In general, the condensation heat transfer coefficient is larger than the convection heat transfer coefficient of gas, so that the cooling effect of the reactor containment vessel is larger in this embodiment as compared with the embodiment described with reference to FIG. .

[0092]

As described above, according to the present invention, the non-condensable gas mixture in the condenser is forced by forcibly feeding the non-condensable gas mixed vapor into the condenser in the event of a coolant loss accident, which is an expected event. The steam flow rate increases.

As a result, the flow of the non-condensable gas and steam in the heat transfer tube is disturbed, and the steam is forcibly brought into contact with the wall surface of the heat transfer tube, thereby improving the efficiency of condensation.

Therefore, the heat transfer area can be reduced.

[Brief description of drawings]

FIG. 1 is a vertical cross-sectional view of a reactor containment vessel according to an embodiment of the present invention.

FIG. 2 is a schematic sectional view of a jet pump 52.

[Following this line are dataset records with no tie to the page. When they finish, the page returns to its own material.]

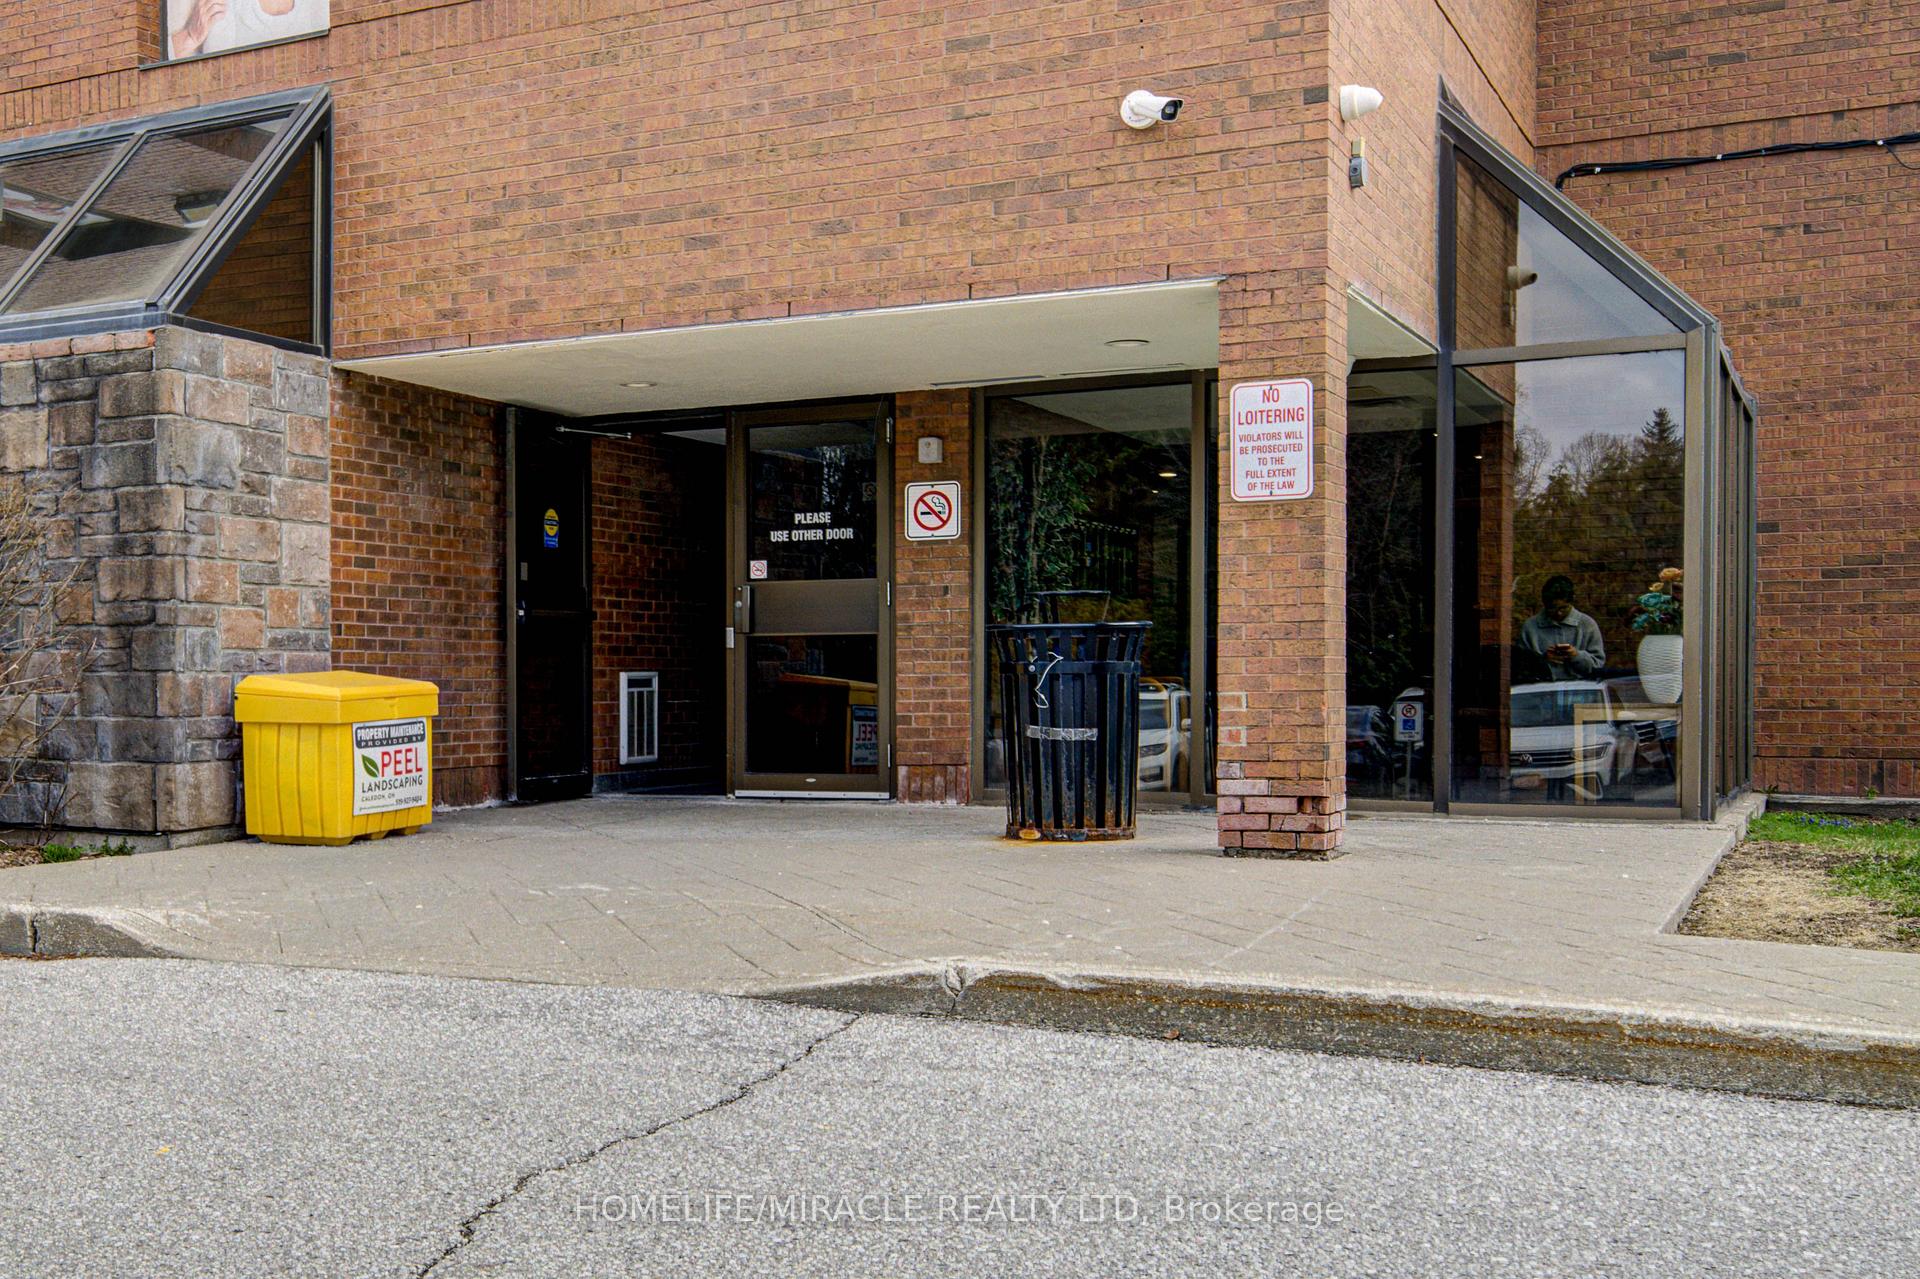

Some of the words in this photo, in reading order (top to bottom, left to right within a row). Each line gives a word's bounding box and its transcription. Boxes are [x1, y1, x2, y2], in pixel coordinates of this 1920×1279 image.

[1262, 388, 1280, 403] NO
[1238, 407, 1304, 425] LOITERING
[1238, 432, 1281, 443] VIOLATORS
[1284, 430, 1304, 440] WILL
[1239, 446, 1249, 455] BE
[1251, 443, 1303, 454] PROSECUTED
[1258, 458, 1267, 466] TO
[1270, 456, 1285, 465] THE
[1245, 470, 1265, 479] FULL
[1267, 468, 1296, 478] EXTENT
[1247, 482, 1258, 492] OF
[1260, 481, 1275, 490] THE
[1277, 480, 1295, 490] LAW
[794, 511, 831, 524] PLEASE
[770, 531, 789, 542] USE
[791, 529, 823, 541] OTHER
[826, 528, 854, 540] DOOR
[357, 727, 389, 741] PROPERTY
[390, 723, 424, 738] MAINTENANCE
[361, 739, 407, 747] PROVIDED
[381, 747, 423, 777] PEEL
[361, 775, 423, 793] LANDSCAPING

FIG. 3 is a block diagram of a control system of a shutoff valve 51.

FIG. 4 is another block diagram of the control system of the shutoff valve 51.

FIG. 5 is a partial vertical cross-sectional view of a reactor containment vessel according to another embodiment of the present invention.

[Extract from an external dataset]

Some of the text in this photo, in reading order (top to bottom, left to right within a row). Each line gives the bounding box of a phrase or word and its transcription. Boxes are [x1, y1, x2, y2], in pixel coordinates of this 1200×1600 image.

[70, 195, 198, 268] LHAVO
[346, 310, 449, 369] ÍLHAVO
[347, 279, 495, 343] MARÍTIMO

FIG. 6 is a partial vertical sectional view of a reactor containment vessel according to still another embodiment of the present invention.

FIG. 7 is a partial vertical cross-sectional view of a reactor containment vessel according to still another embodiment of the present invention.

[Explanation of symbols]

1 ... Reactor core, 2 ... Reactor pressure vessel, 3 ... Dry well, 4
... pressure suppression chamber, 5 ... pressure suppression pool, 6 ... wet well, 7 ... vent pipe, 26 ... gravity falling water tank, 27, 6
3 ... Piping, 29 ... Check valve, 51 ... Shutoff valve, 52 ... Jet pump, 55, 56 ... Communication pipe, 60 ... Drive port, 61 ...
Intake port, 62 ... Ejection port, 64 ... Melting valve, 66 ... Diffuser, 67 ... Throat, 70 ... Control rod, 72 ... Condensate discharge pipe, 73 ... Gas discharge pipe, 76 ... Condenser exhaust pipe,
78 ... Main steam pipe, 80 ... Condenser, 81 ... Condenser cooling pool, 83 ... Water level gauge, 84 ... Comparison circuit, 85 ... Low water level reference signal, 86 ... Valve actuator, 87 ... Pressure measuring instrument, 8
8 ... High pressure reference signal, 90 ... Suction pipe.

Claims (8)

[Claims] 1. A sealed dry well for containing a reactor pressure vessel, a pressure suppression chamber for holding water, a condenser installed outside the dry well, and a condenser connected to and discharged from the condenser. A reactor containment vessel having a fluid discharge pipe for guiding the fluid into water in the pressure suppression chamber, comprising fluid supply means for supplying the fluid in the dry well into the condenser when a coolant is lost. Reactor containment vessel. 2. The reactor containment vessel according to claim 1, wherein the fluid supply means is a jet pump that connects the main steam pipe connected to the reactor pressure vessel via a valve and the condenser. 3. The reactor containment vessel according to claim 2, further comprising a control system for opening the valve in response to a coolant loss accident occurrence signal. 4. The reactor containment vessel according to claim 1, wherein a melting valve is installed at a tip end of the fluid discharge pipe, and the pipe is branched from an intermediate portion of the fluid discharge pipe and can communicate with the inside of the dry well. . 5. The reactor containment vessel according to claim 2, wherein a plurality of jet pumps are provided in parallel. 6. The reactor containment vessel according to claim 4, wherein the fluid discharge pipe is a gas discharge pipe for discharging non-condensable gas. 7. The reactor containment vessel according to claim 4, wherein the fluid discharge pipe is a condensed water discharge pipe for discharging condensed water. 8. The reactor containment vessel according to claim 4, wherein a plurality of the melting valves are installed at different heights of the fluid discharge pipes.